Powstanie w getcie żydowskim powinno być dla nas nauczką. Przede wszystkim pokazuje, że każdy naród powinien być przygotowany na zewnętrzne niebezpieczeństwo, że powinien dbać o stosunki z sąsiadami. Żydzi z polskim obywatelstwem wiedzieli jak groźni są niemieccy naziści. Musieli wiedzieć, że pomoc Polaków nie będzie wystarczająca. Udział Żydów w komunistycznym aparacie terroru na obszarze zaboru radzieckiego spowodował, że wielu Polaków nie odczuwało wobec nich nawet litości. Stalin z kolei skupiał się na obronie Związku Radzieckiego. Z politycznego punktu widzenia, społeczność żydowska była w bardzo trudnym położeniu. Wynikało ono po części z ich winy i zaniedbań.
Żydzi, choć stanowili w Polsce liczną i wykształconą społeczność, to nie przygotowali się na coraz większe represje ze strony Hitlera. Nie potrafili stworzyć w miarę sprawnego państwa podziemnego czy partyzantki. Nie zadbali o zapasy broni, choć byli ważną grupą we władzach Związku Radzieckiego. Również Żydzi z Europy Zachodniej i Ameryki nie udzielili im pomocy. Mogli liczyć tylko na niewielkie wsparcie Polskiego Państwa Podziemnego, gdyż te wiedziało, że powstanie w getcie nie ma żadnych szans. Było jasnym, że jeżeli Żydzi z całego świata niczego nie zrobią, to los getta będzie przesądzony.
Ostatecznie nie zrobili nic, a getto było w stanie wystawić zaledwie 400 bojowników. Spośród półmilionowej społeczności! Ta liczba to symbol wstydu dla wszystkich Żydów. Pokazuje jak wielu zaniedbań się dopuścili. Również moment wybuchu powstania był najgorszy z możliwych. Dzień, w którym naziści skoncentrowali wojsko do likwidacji getta. Czas, w którym Żydzi byli całkowicie wyniszczeni głodem i chorobami. Dlaczego czekano na ostatnią chwilę?
Władze Izraela wzięły naukę z tych wydarzeń. Choć zewsząd otoczeni są przez wrogów, to dzięki odpowiedniej polityce skutecznie się bronią, a nawet po części kontrolują sytuację w regionie. Dzięki silnej armii, patriotycznemu społeczeństwu i wsparciu USA są wstanie przeciwstawić się wrogom. Takie działania z pewnością zapobiegną następnej katastrofie.
Nie można tego powiedzieć o obecnych władzach w Warszawie.
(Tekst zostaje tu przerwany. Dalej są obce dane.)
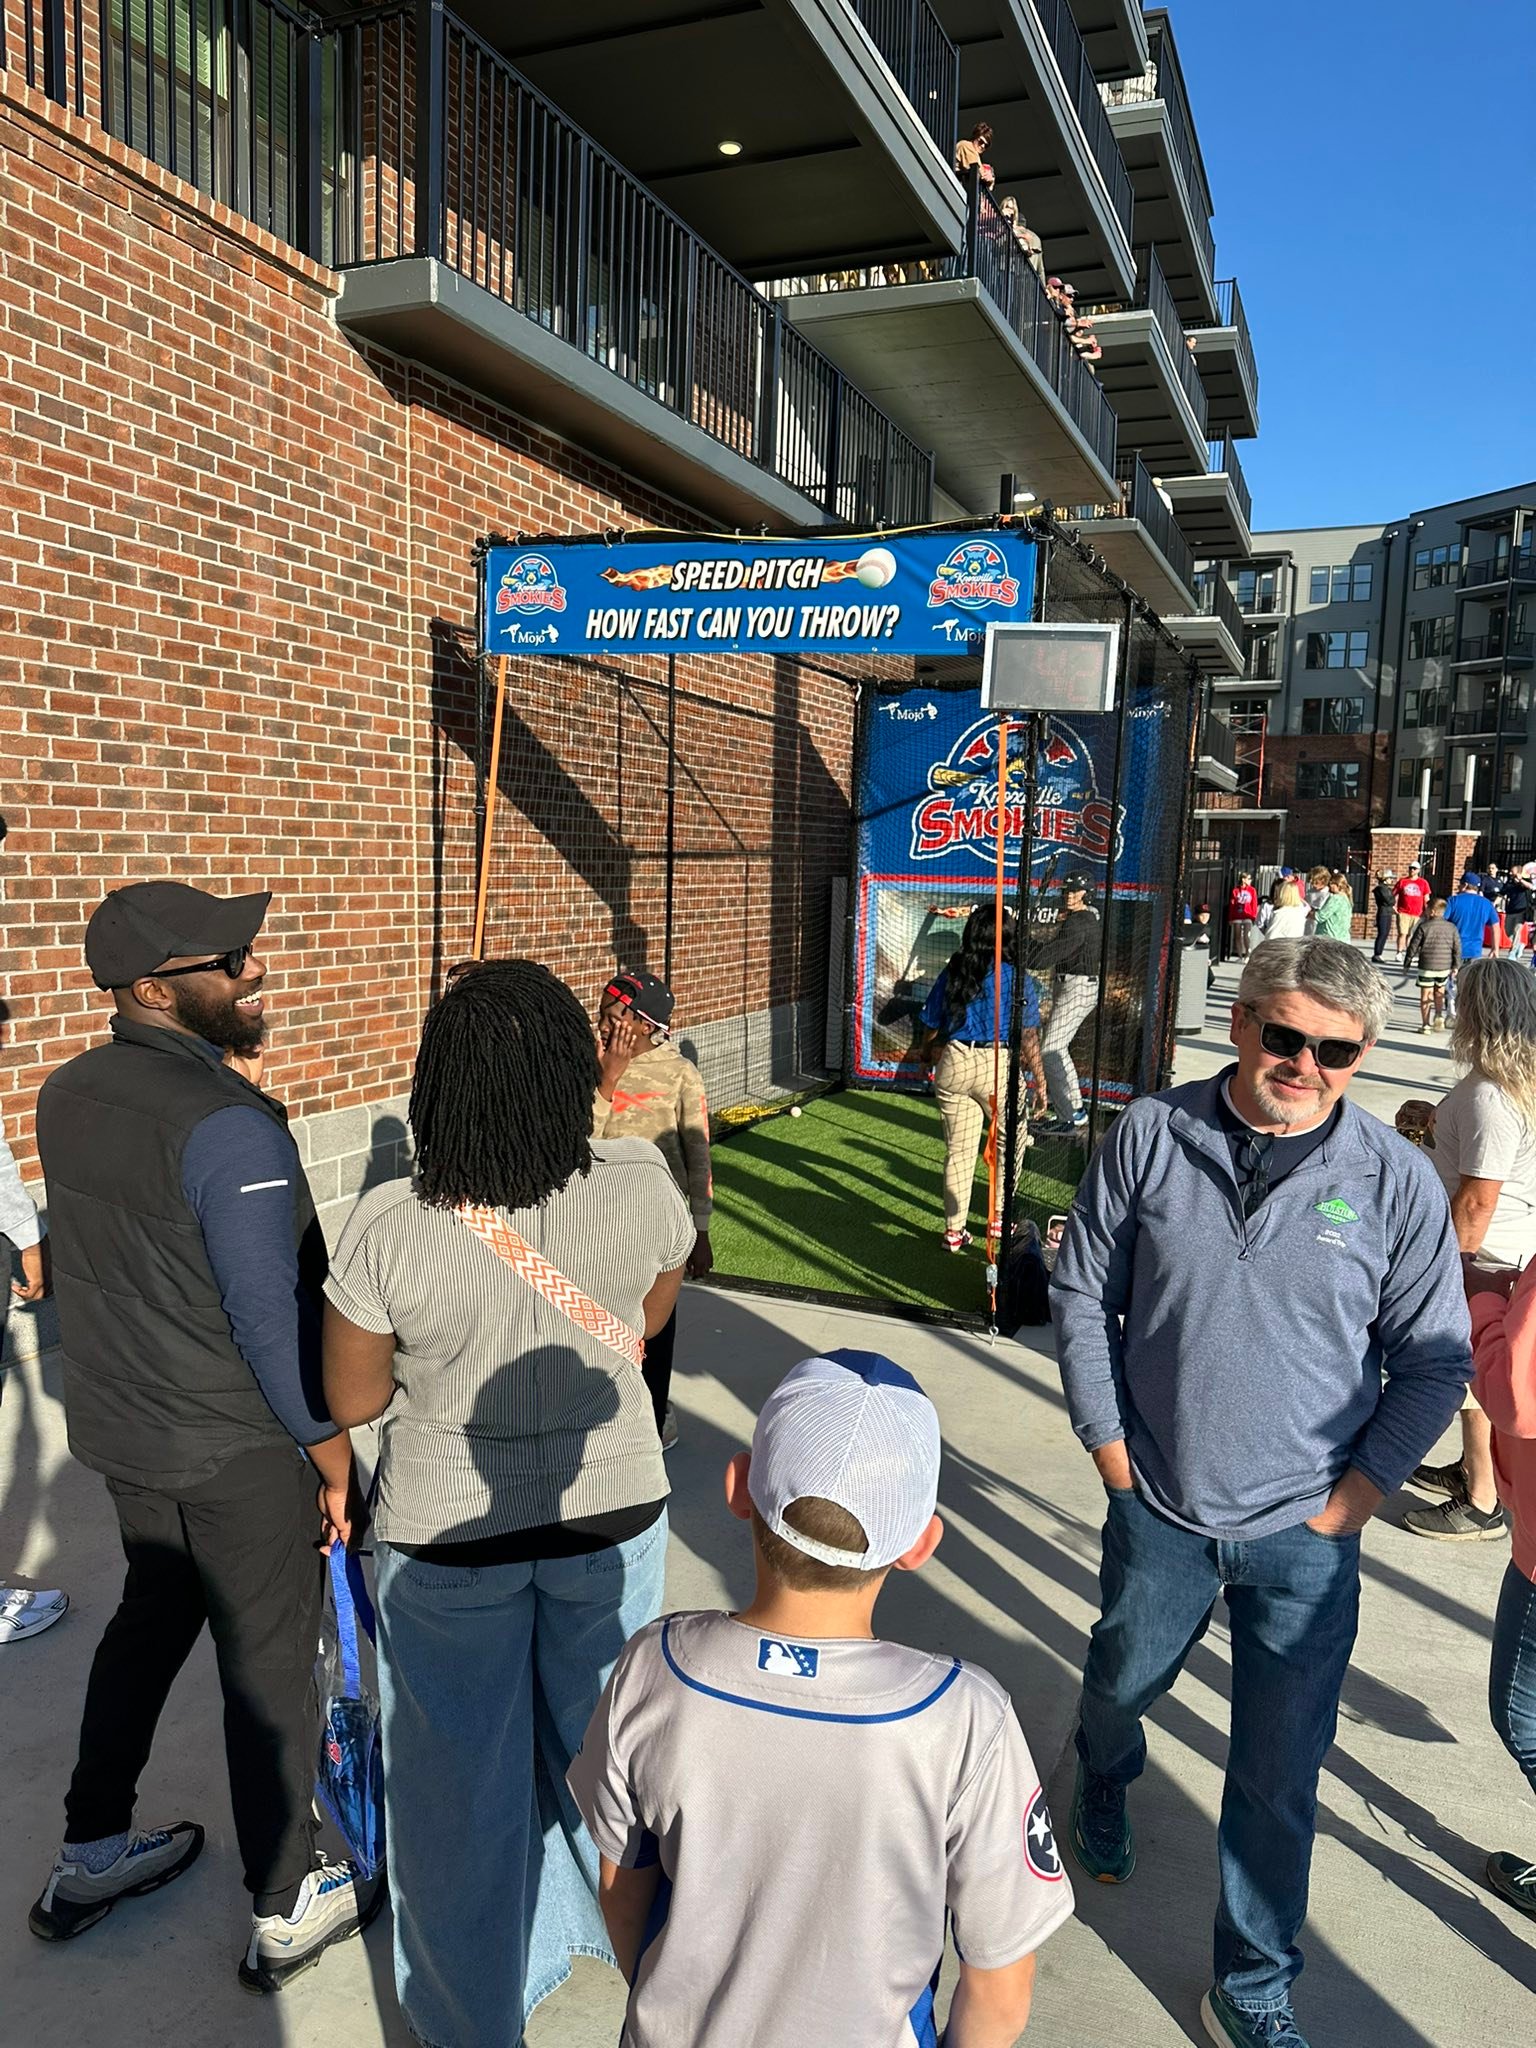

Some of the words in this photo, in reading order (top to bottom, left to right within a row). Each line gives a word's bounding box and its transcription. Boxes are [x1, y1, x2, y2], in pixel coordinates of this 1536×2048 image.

Nasza armia jest w opłakanym stanie, duch patriotyczny często jest wyszydzany, a zaufanie do Państwa słabe. Na Ukrainie trwa wojna, a wsparcie NATO nie jest takie pewne. Zachodnia granica również nie jest nienaruszalna. W chwili obecnej władze bezwiednie robią wszystko, żebyśmy znaleźli się w takim samym położeniu jak Żydzi w getcie warszawskim. A wtedy również nam przyjdzie decydować tylko o tym jak umrzeć z honorem.